Work request:
Drop the pictures, then extract the listing word for word.

Data for this exercise:
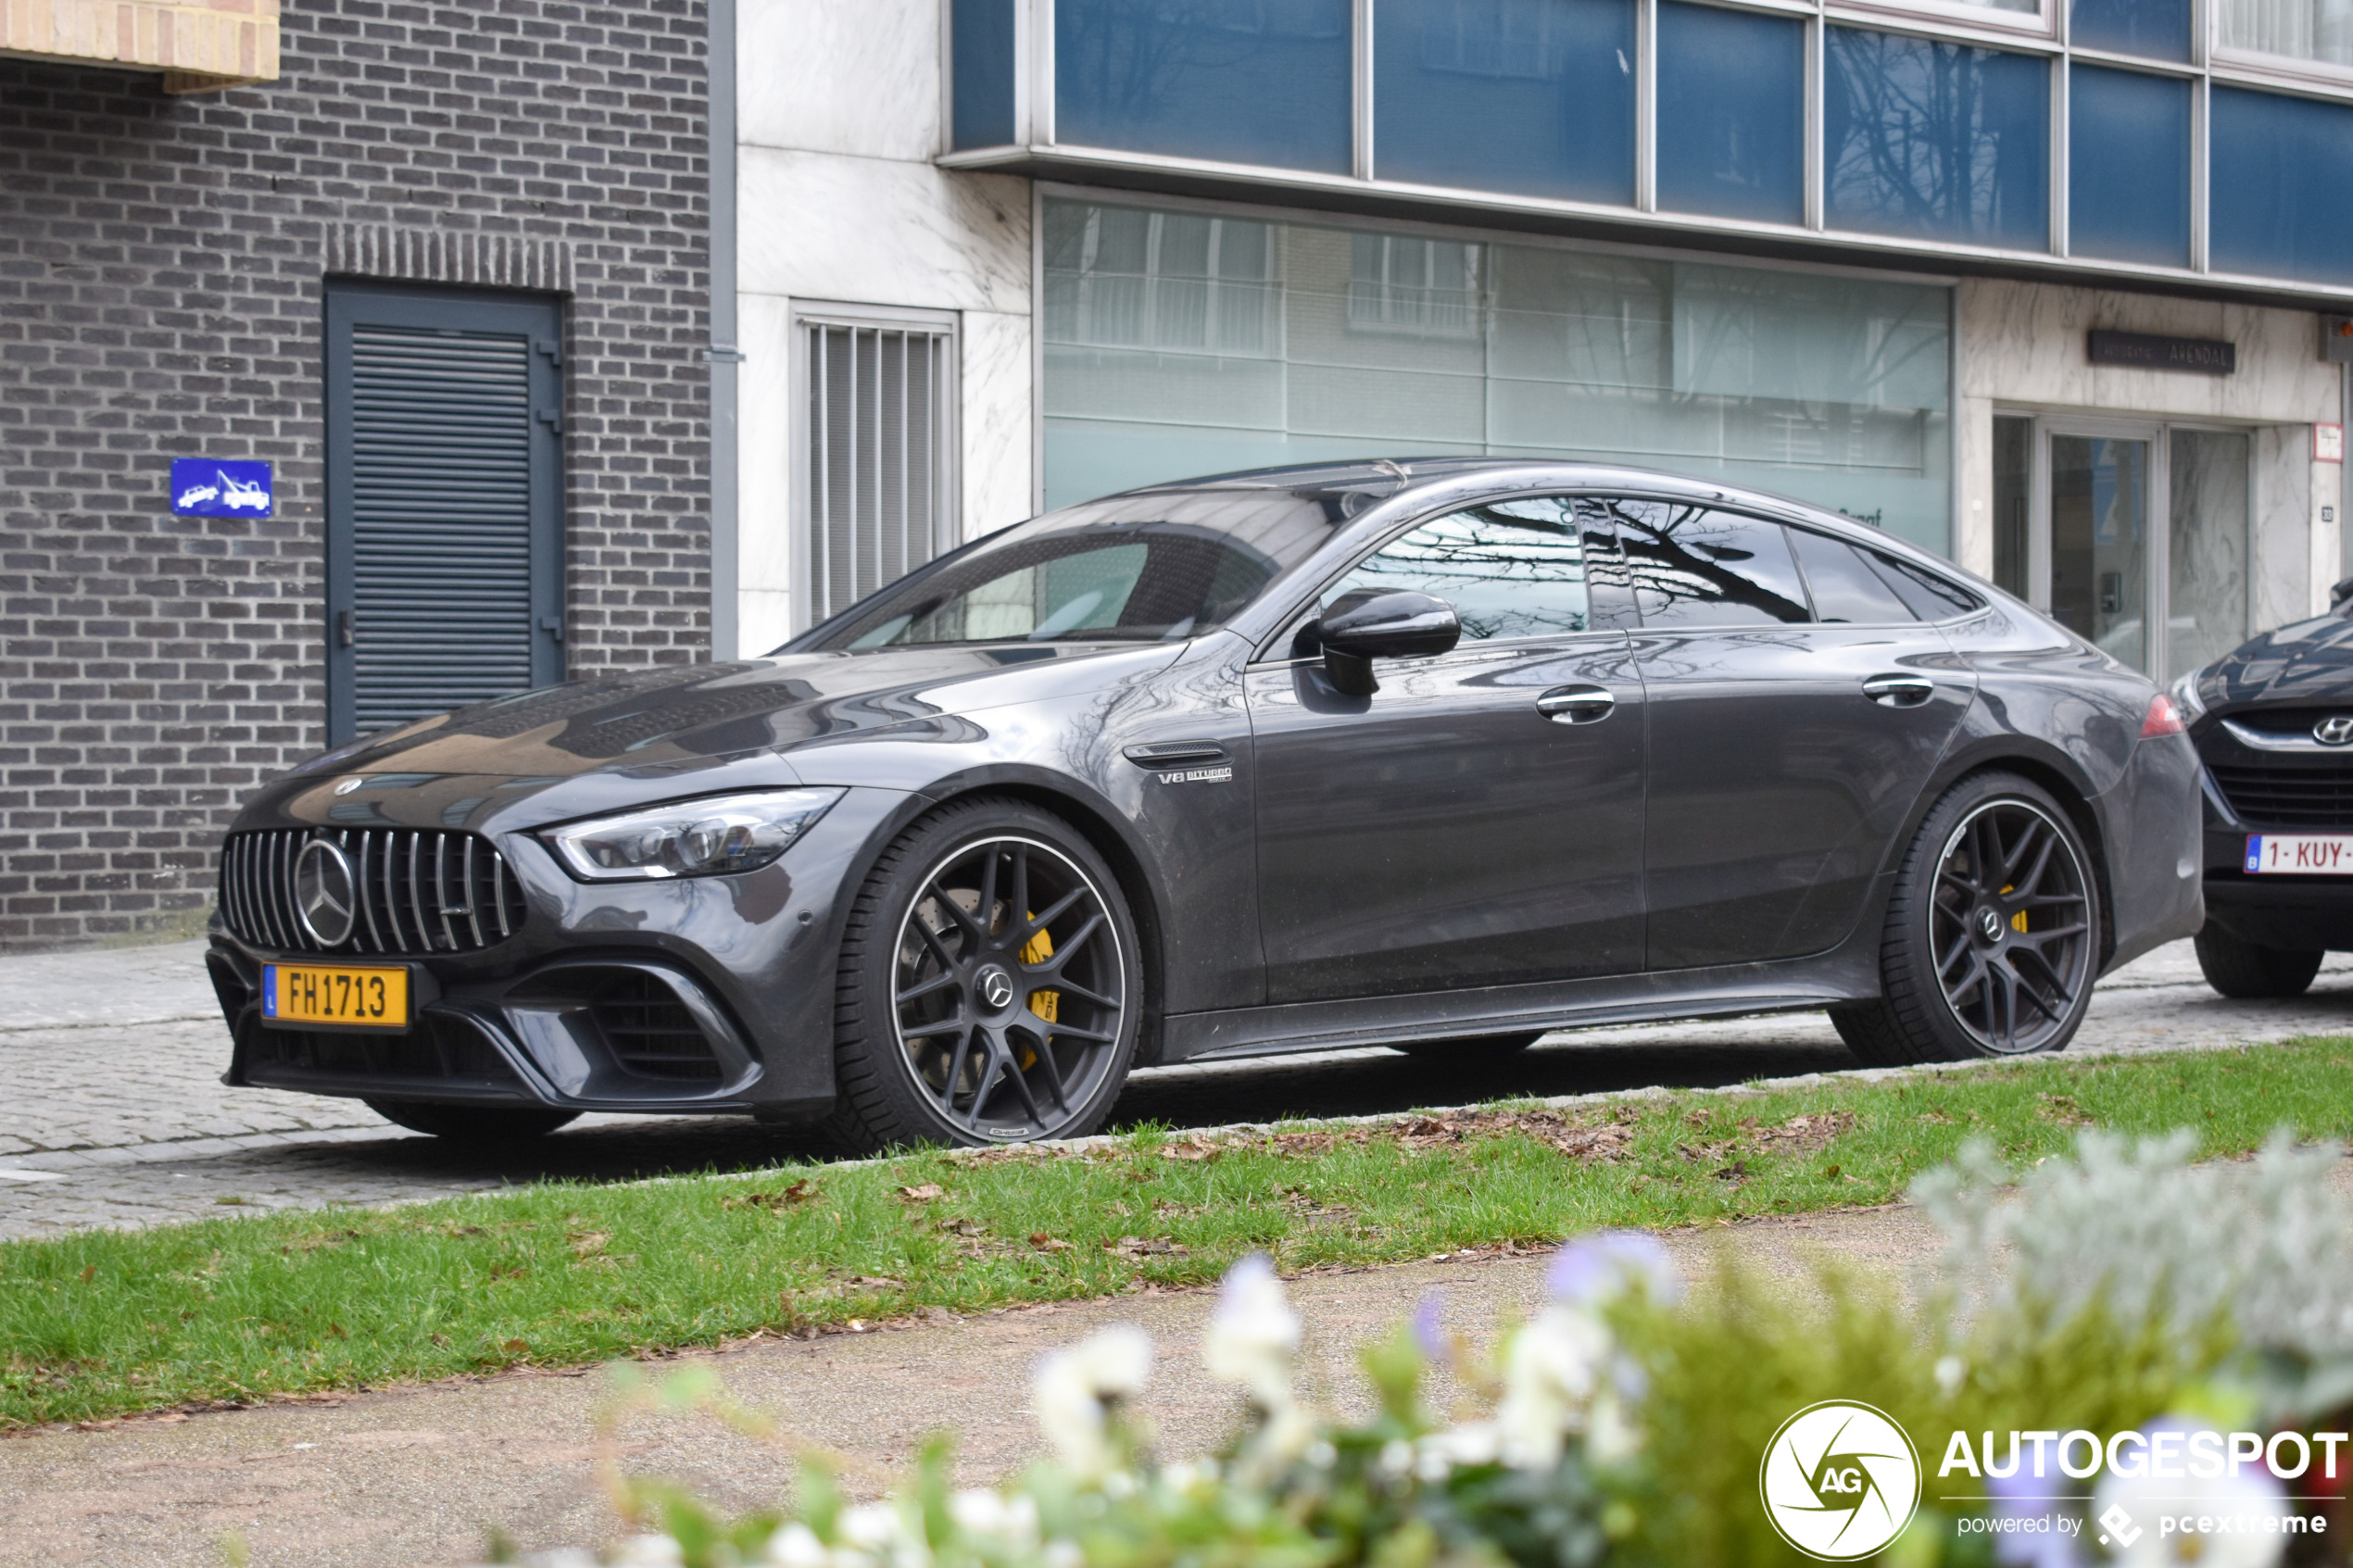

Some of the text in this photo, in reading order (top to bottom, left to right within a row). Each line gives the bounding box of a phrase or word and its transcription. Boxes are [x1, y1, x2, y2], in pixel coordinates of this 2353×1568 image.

[2170, 344, 2227, 367] ARENDAL
[1158, 767, 1232, 784] V8 BITURBO
[2246, 856, 2259, 870] B
[268, 995, 274, 1010] L
[290, 972, 385, 1017] FH1713

Result of this task:
Some of the text in this photo, in reading order (top to bottom, left to right within a row). Each line gives the bounding box of a phrase or word and its transcription. Boxes are [x1, y1, x2, y2], in pixel coordinates of this 2353×1568 image.

[2170, 344, 2227, 367] ARENDAL
[1158, 767, 1232, 784] V8 BITURBO
[2246, 856, 2259, 870] B
[268, 995, 274, 1010] L
[290, 972, 385, 1017] FH1713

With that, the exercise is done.